M/s. Gayatri Energy Ventures Pvt. Limited (GEVPL) is a wholly owned subsidiary (WOS) of M/s. Gayatri Projects Limited, which is holding investment in M/s. Sembcorp Energy India Limited (M/s. SEIL) to the extent of 5.95% of paid-up equity of the investee company. Also, the WOS M/s. GEVPL may be required to divest part of its ownership held in M/s. Sembcorp Energy India Limited, to generate necessary cash flows to deliver the Business or support the working capital needs.
Towards this, the Board has on 16th November, 2019 subject to requisite regulatory and other consents and approvals, decided to consider, if required, at the best possible options to divest the material subsidiary's investment in M/s.

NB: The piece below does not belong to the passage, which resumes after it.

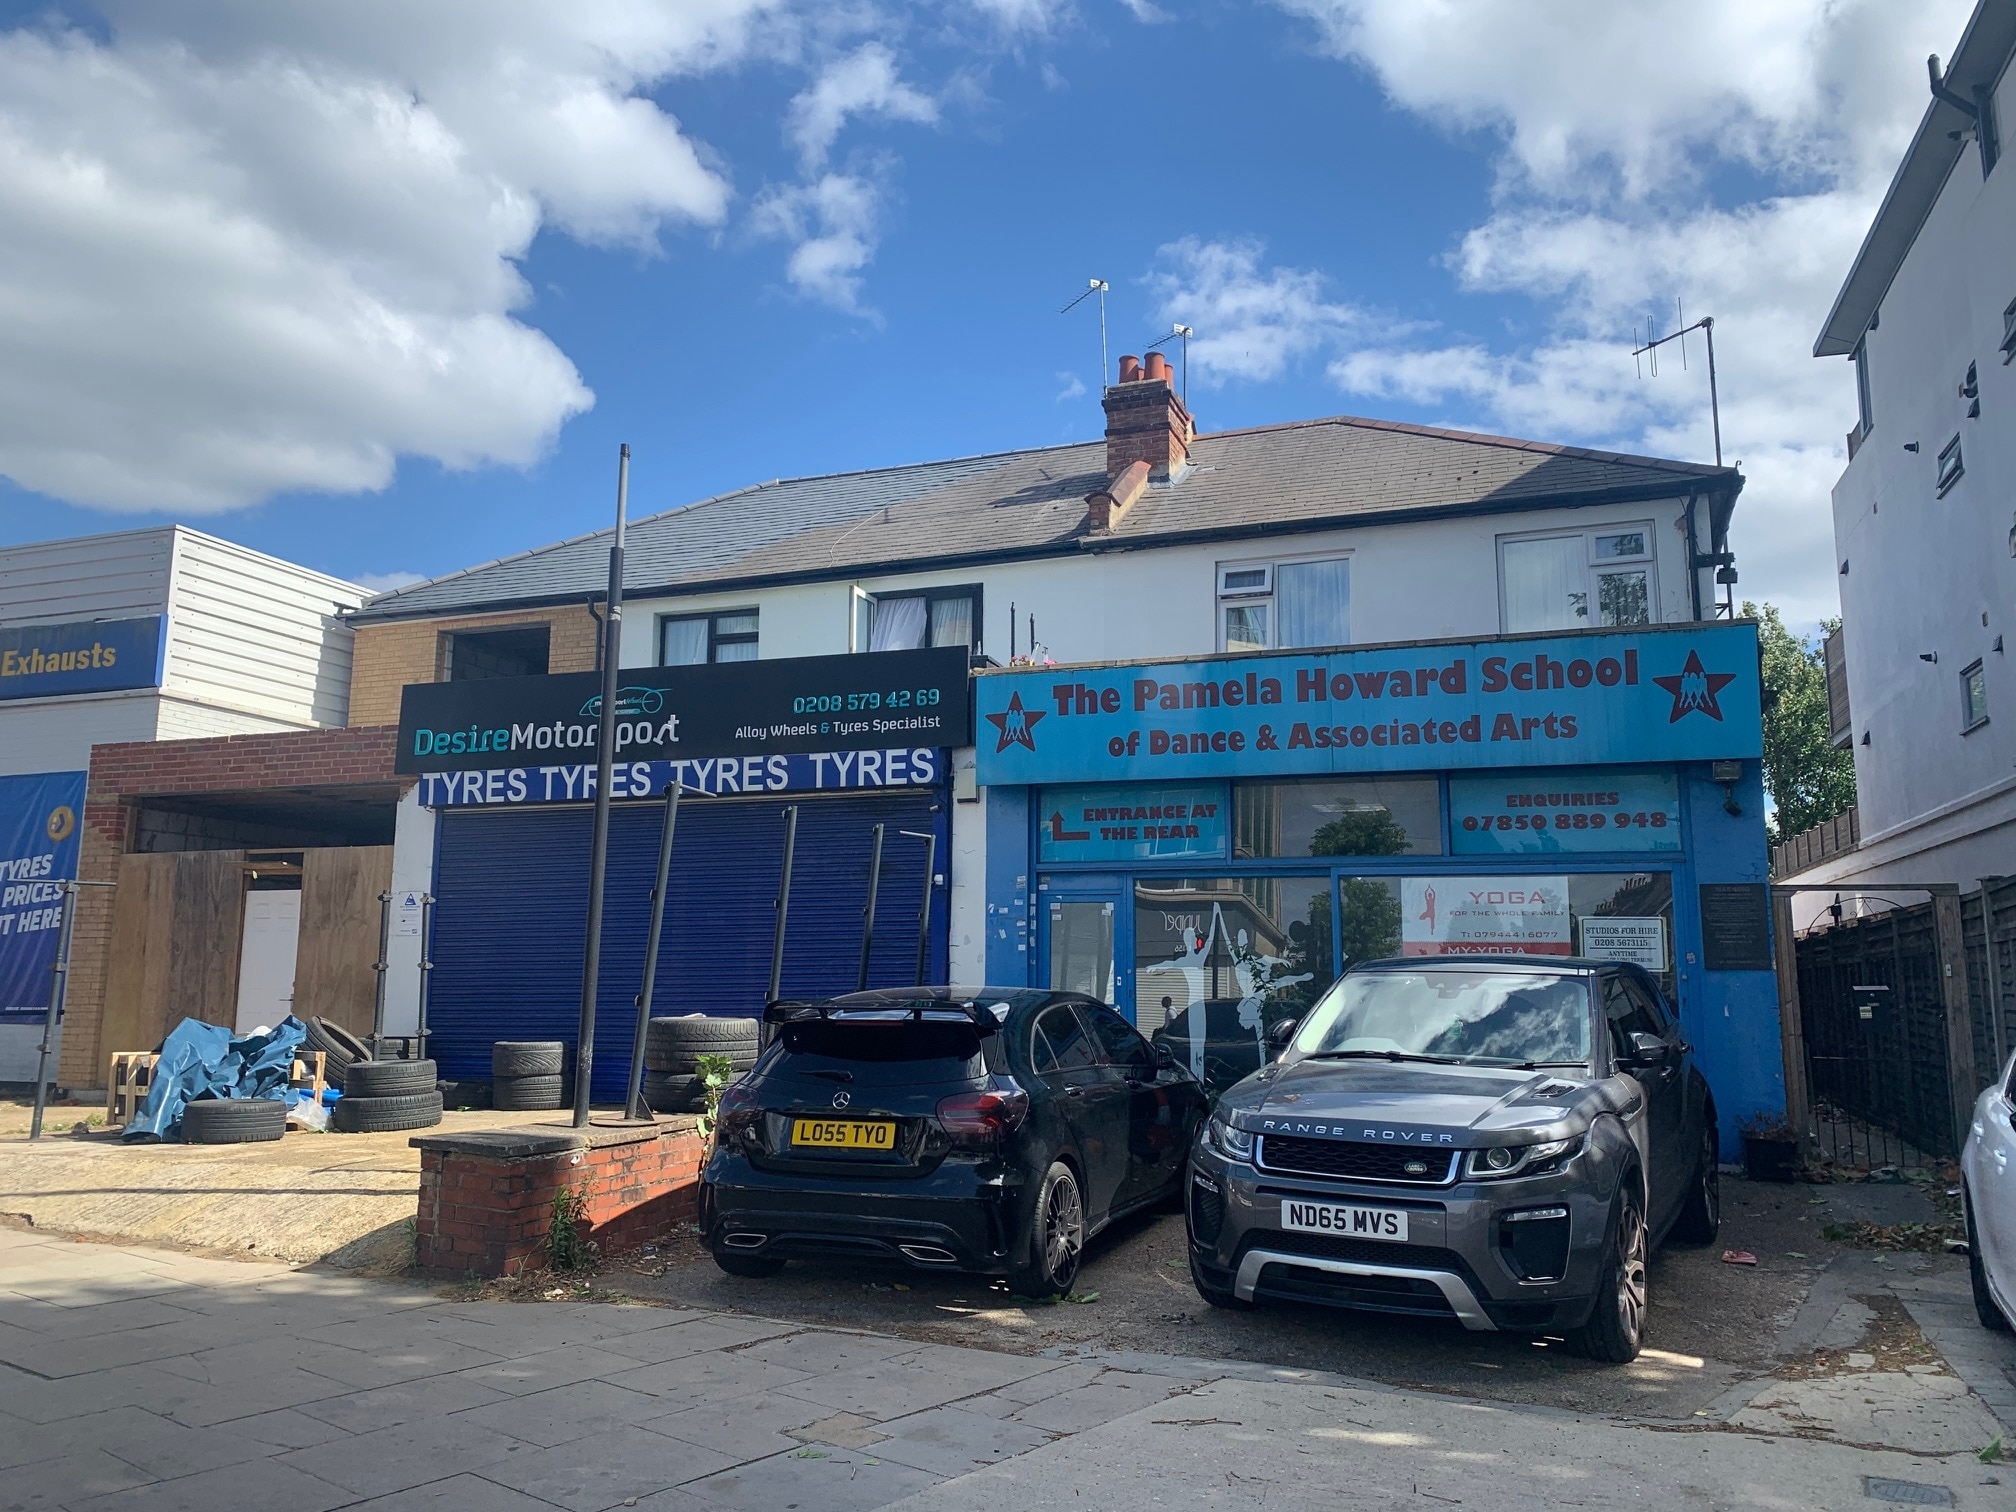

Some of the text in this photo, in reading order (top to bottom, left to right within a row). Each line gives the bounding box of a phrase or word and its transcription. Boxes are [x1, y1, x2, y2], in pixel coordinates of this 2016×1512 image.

Sembcorp Energy India Limited. Such consideration comprises of sale of all shares held by the material subsidiary in M/s. SEIL.
The divestment will enable the Company to reduce debt and improve the liquidity. Besides, the divestment is expected to improve the Company's Balance Sheet and enhance shareholder value.
As per Regulation 24(6) of SEBI (LODR) Regulations, 2015 provides that no company shall sell, dispose of assets amounting to more than twenty percent of the assets of the material subsidiary on an aggregate basis during a financial year without passing a special resolution in its general meeting except in cases where such divestment is made under a scheme of arrangement duly approved by a Court / Tribunal or under a resolution plan duly approved under section 31 of the Insolvency Code and such an event is disclosed to the recognized stock exchanges within one day of the resolution plan being approved.
As per Regulation 24 of SEBI (LODR) Regulations, 2015 a Material Subsidiary means whose income or net worth exceeds twenty percent of the consolidated income or net worth respectively, of the listed entity and its subsidiaries in the immediately preceding accounting year.
The proposed resolution seeks to deal with M/s. Gayatri Energy Ventures Private Limited, material wholly owned subsidiary.
None of the Directors, Key Managerial Personnel or their relatives are in any way concerned or interested in this resolution except to the extent of their shareholding in the Company.
Your directors commend the adoption of the resolution at Item No.1 of the Notice as a Special Resolution.